Le grand physicien danois Niels Bohr avait l’habitude de raconter l’histoire d’un voisin ayant accroché un fer à cheval à la porte de sa maison, et qui, quand on lui demandait s’il était superstitieux, répondait : « Bien sûr que non. Mais on dit que çà marche même lorsqu’on n’y croit pas »
[p.42]

Je me demande (...) s’il existe un silence pire que celui d’une chambre d’hôpital. C’est le silence des pavillons des cancéreux, le silence dévasté des horreurs pressenties, cette intuition selon laquelle le réel et le catastrophique sont le plus souvent une seule et même chose. Et bien sûr c’est aussi le silence de l’impuissance, cette incapacité des sentiments à changer quoi que ce soit - le silence de la vanité des désirs humains. On se découvre en train d’espérer là même où l’on sait n’avoir aucune base empirique pour l’espoir. Les mots se forment mais explosent comme des bulles avant de franchir vos lèvres. Une voix hurle en vous, « Dis quelque chose ! Fais quelque chose ! ». Et il n’y a rien à faire et tout ce qui semble pouvoir être dit paraît sans lien avec la situation ou bien du ressort de la fable - une comptine de nourrice pour qui veut être rassuré quand vous n’avez en vous rien qui puisse rassurer - rien de mieux, en fin de compte, qu’une version légèrement plus sophistiquée que l’incantation. « Çà va aller, çà va s’arranger » : pur mensonge. Car çà ne va pas s’arranger, comme quelque part en vous quelqu’un le sait très bien, même si vous cherchez à le nier devant les autres, voire à vous intoxiquer psychologiquement au point de succomber vous-même à l’illusion au beau milieu de la nuit. Quant à ce que l’on disait, c’était si souvent ce qu’il aurait fallu ne pas dire. Ce qui faisait pleurer ma mère. Plus tôt durant sa maladie, alors qu’elle se trouvait encore chez elle à New-York et dans un état de santé relativement bon, elle reçut d’une amie bouddhiste un cadeau accompagné d’un mot selon lequel elle, ma mère, se trouvait au centre d’un cercle de protection énergétique. En conséquence de quoi tout irait pour le mieux. C’était un geste parfaitement inoffensif et bien intentionné, même s’il manquait un peu de tact. Mais cela rendit ma mère folle. « C’est grotesque », dit-elle, tout en jetant la lettre sur la table de la cuisine. Puis, le regard fou, égaré, « quelqu’un a oublié de prévenir mes gènes que j’étais protégée » -sur quoi elle fondit en larmes et se précipita dans sa chambre, dont elle ne sortit pas de plusieurs heures.

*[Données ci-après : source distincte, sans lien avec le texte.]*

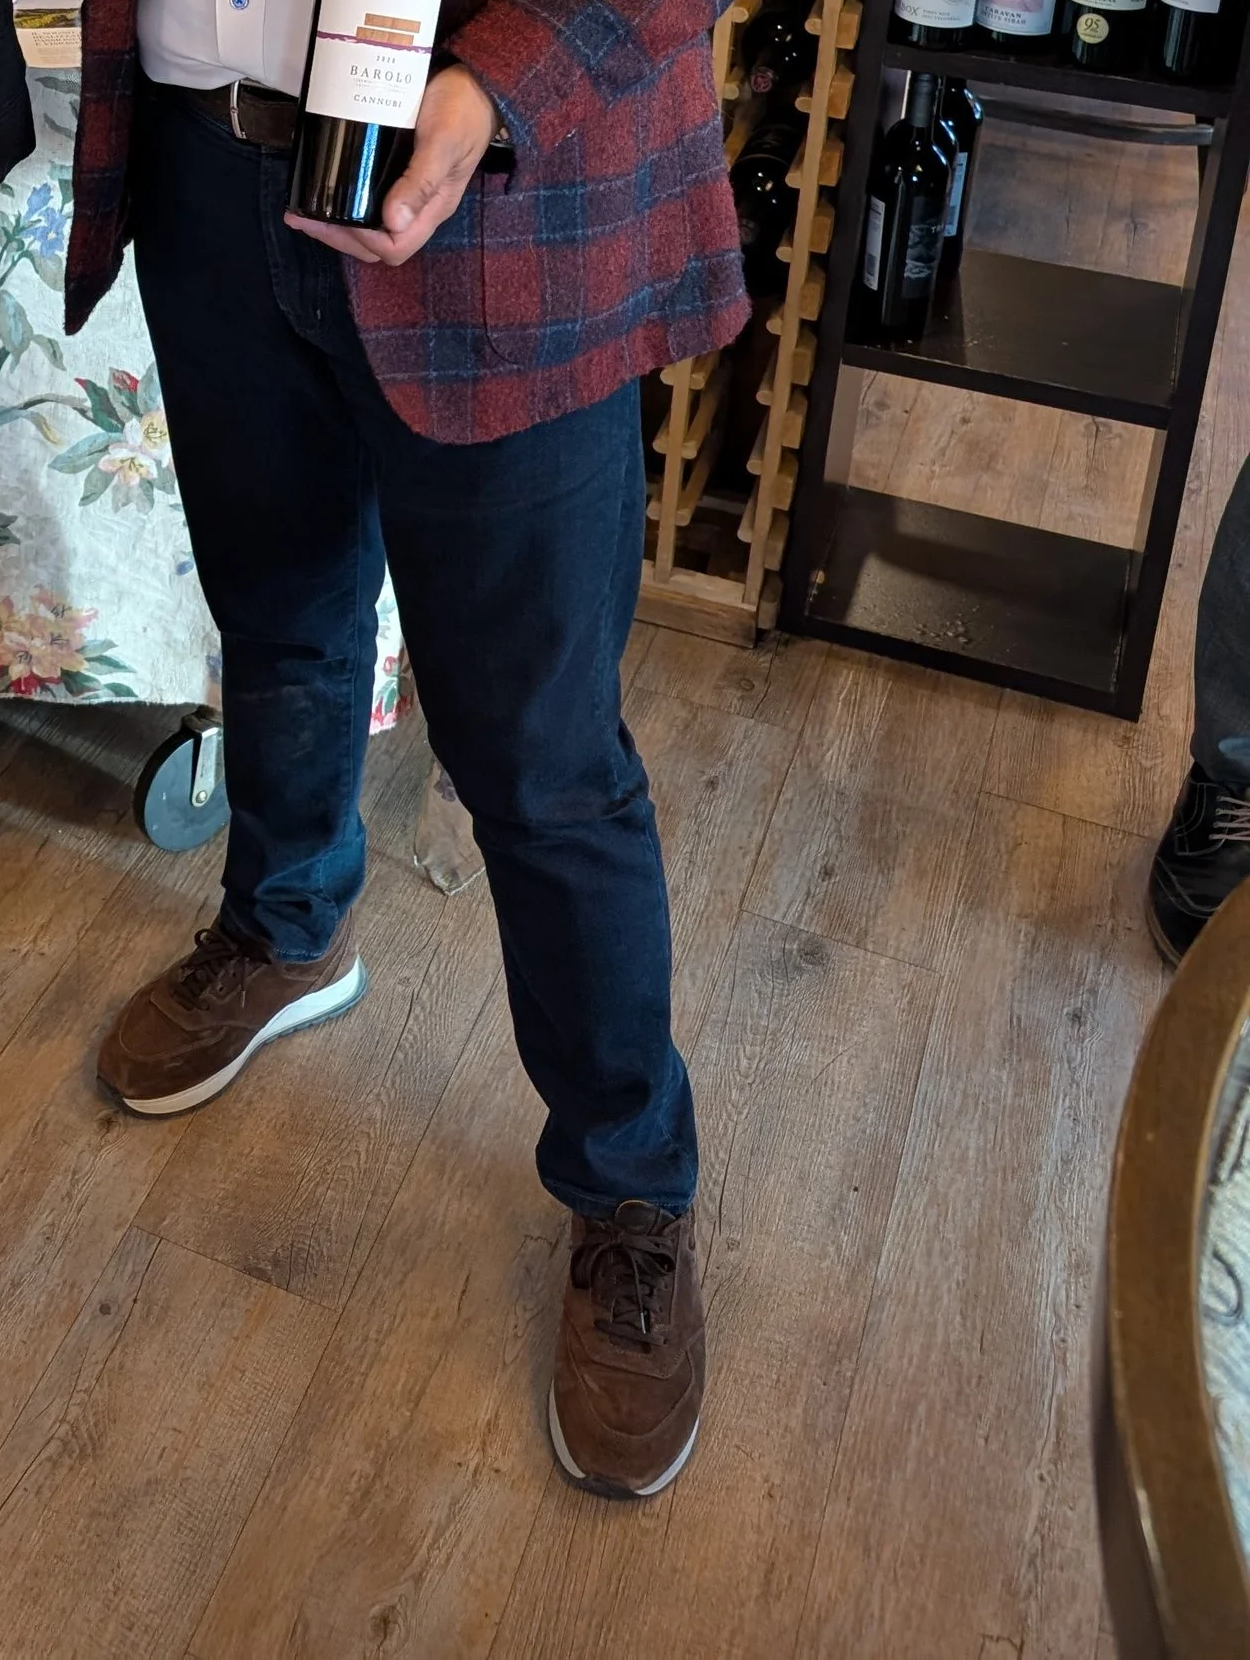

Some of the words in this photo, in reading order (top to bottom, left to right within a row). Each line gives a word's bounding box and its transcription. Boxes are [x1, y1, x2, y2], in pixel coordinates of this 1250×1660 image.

Dans ces moments-là seules les discussions avec ses médecins parvenaient à lui rendre un certain équilibre. Peut-être est-ce là l’un des maigres bénéfices de cette profonde et sans doute inévitable asymétrie infantilisante qui est au cœur des relations entre docteurs et patients. (...) Et, certes, on peut tourner en ridicule cet aspect des choses, dénoncer sa dimension paternaliste, objectifiante, mais je ne suis pas du tout certain qu’il existe une façon de sortir de ce dilemme, ou même que plus de franchise aurait en l’occurrence constitué le moindre progrès. Car telle est la triste vérité : sans le pouvoir infantilisant du corps médical, pouvoir qui ici signifiait calme, réassurance, et non emprise ou condescendance, ma mère, dans les mois précédant sa mort, aurait sans doute perdu l’esprit.